On January 19, 2016, Davis was not retained after new head coach Doug Pederson hired Jim Schwartz to replace him.

===Ohio State===
In December 2016, Davis was hired by Ohio State as their linebackers coach. All of Davis's starting linebackers have had opportunities in the NFL. Chris Worley (Cincinnati Bengals), Jerome Baker (Miami Dolphins), Dante Booker (Arizona Cardinals) and Malik Harrison (Baltimore Ravens). During his two seasons, Ohio State finished 25-3 winning two Big 10 Championship Games.

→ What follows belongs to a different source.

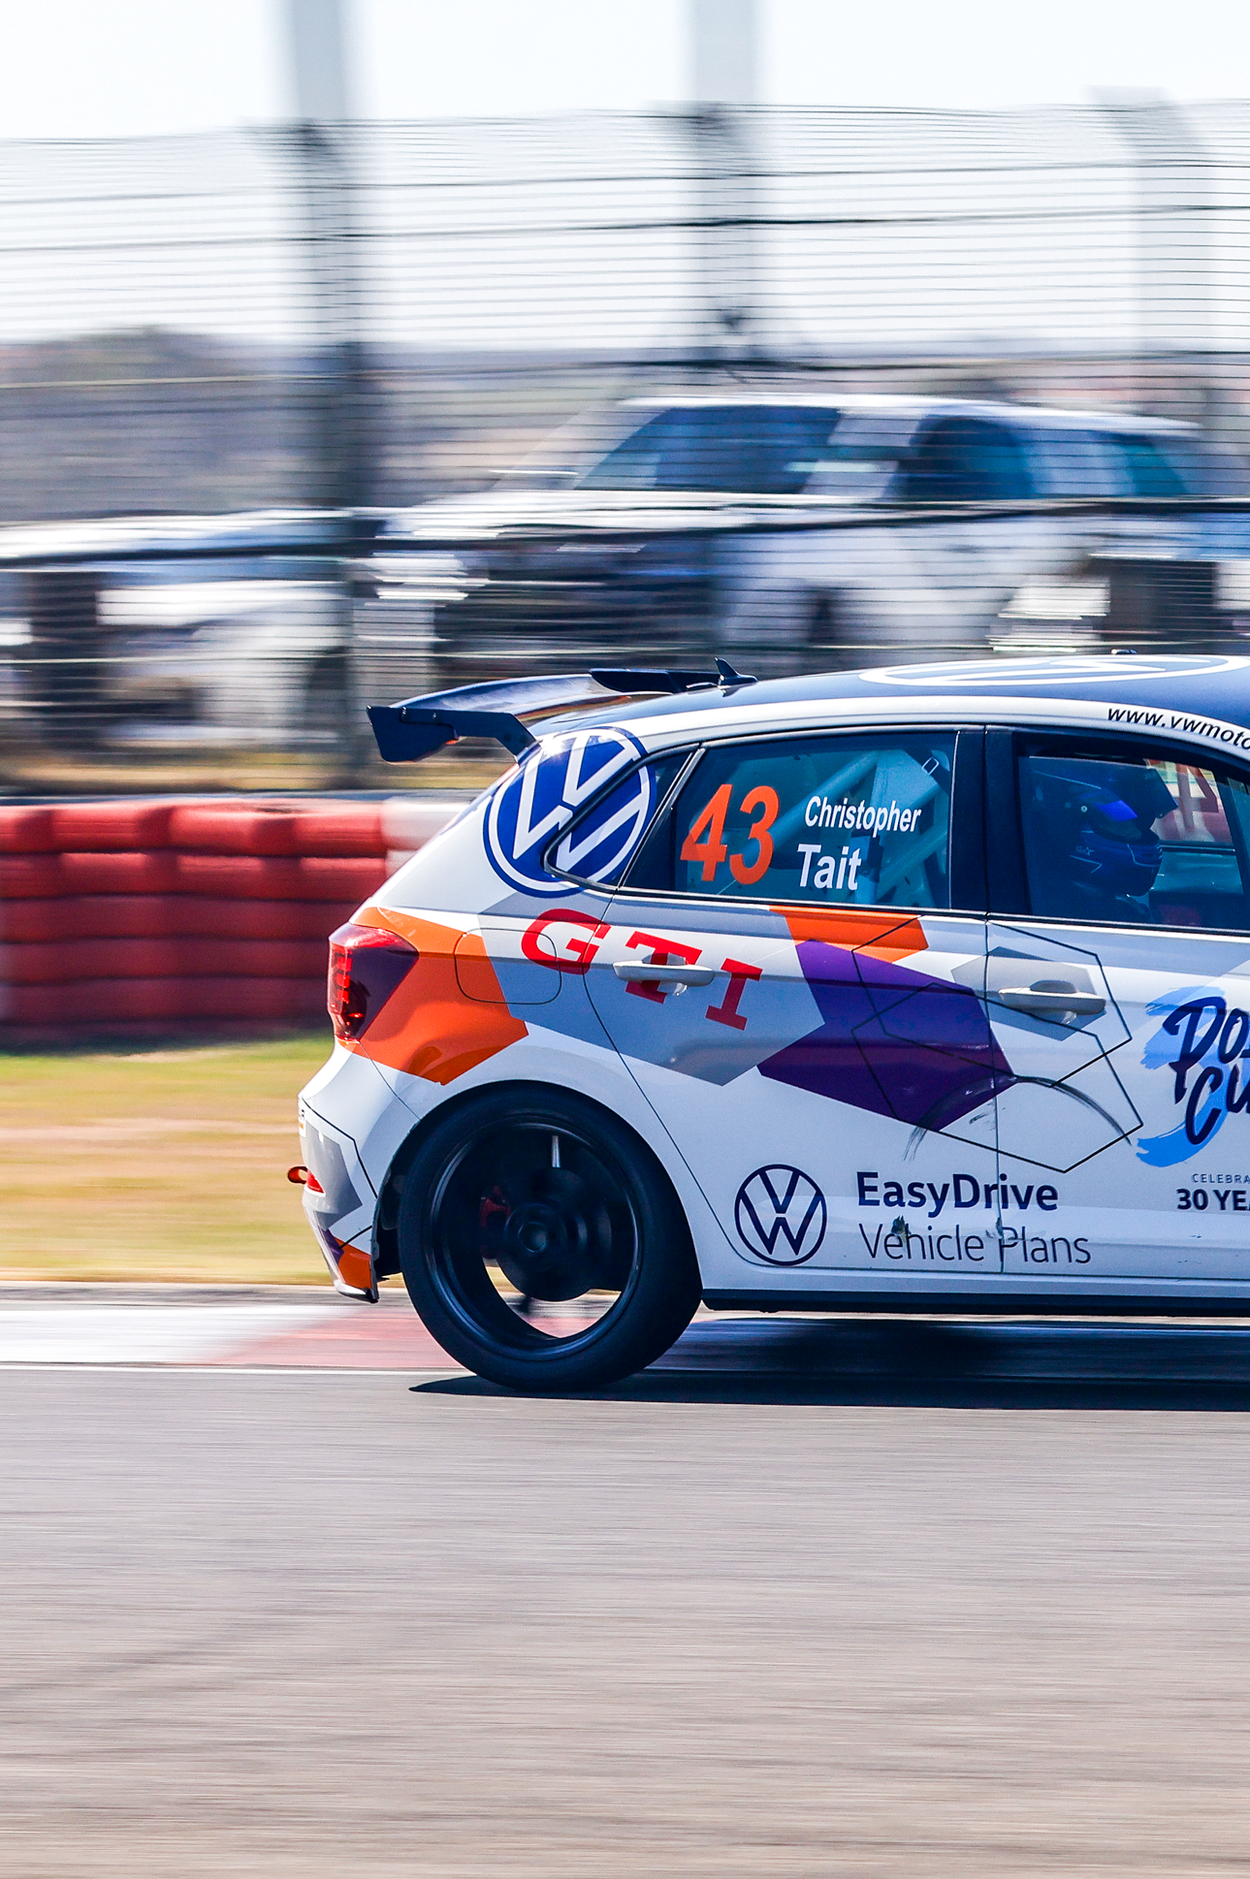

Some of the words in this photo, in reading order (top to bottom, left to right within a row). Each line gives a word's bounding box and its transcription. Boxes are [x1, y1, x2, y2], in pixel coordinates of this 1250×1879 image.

===Arizona Cardinals (second stint)===
On January 11, 2019, Davis was hired by the Arizona Cardinals as their linebackers coach under defensive coordinator Vance Joseph and head coach Kliff Kingsbury. In 2019, linebacker Jordan Hicks recorded a career best 150 tackles, 3rd highest in the NFL for the 2019 season. Hicks also had an NFL best, 9 games with 10 or more tackles. In the 2019 also, Davis coached Chandler Jones to a career best/franchise record 19 sacks, 8 forced fumbles and 7 strip-sacks season earning Jones the First Team All Pro and Pro Bowl selection. Jones was also named the NFC Defensive Player of the Year and runner up for the NFL Defensive Player of the Year.In 2020, both Jordan Hicks and De'Vondre Campbell eclipsed 100 plus tackles for the 2020 season.

===Houston Texans===
On February 28, 2024, the Texans hired Davis to be their new linebacker coach replacing Chris Kiffin.

==Personal life==
Bill Davis lives with his wife, Sherry, and they are the parents of five children: Monica, Brooke, twins Grace and Ava and son Billy.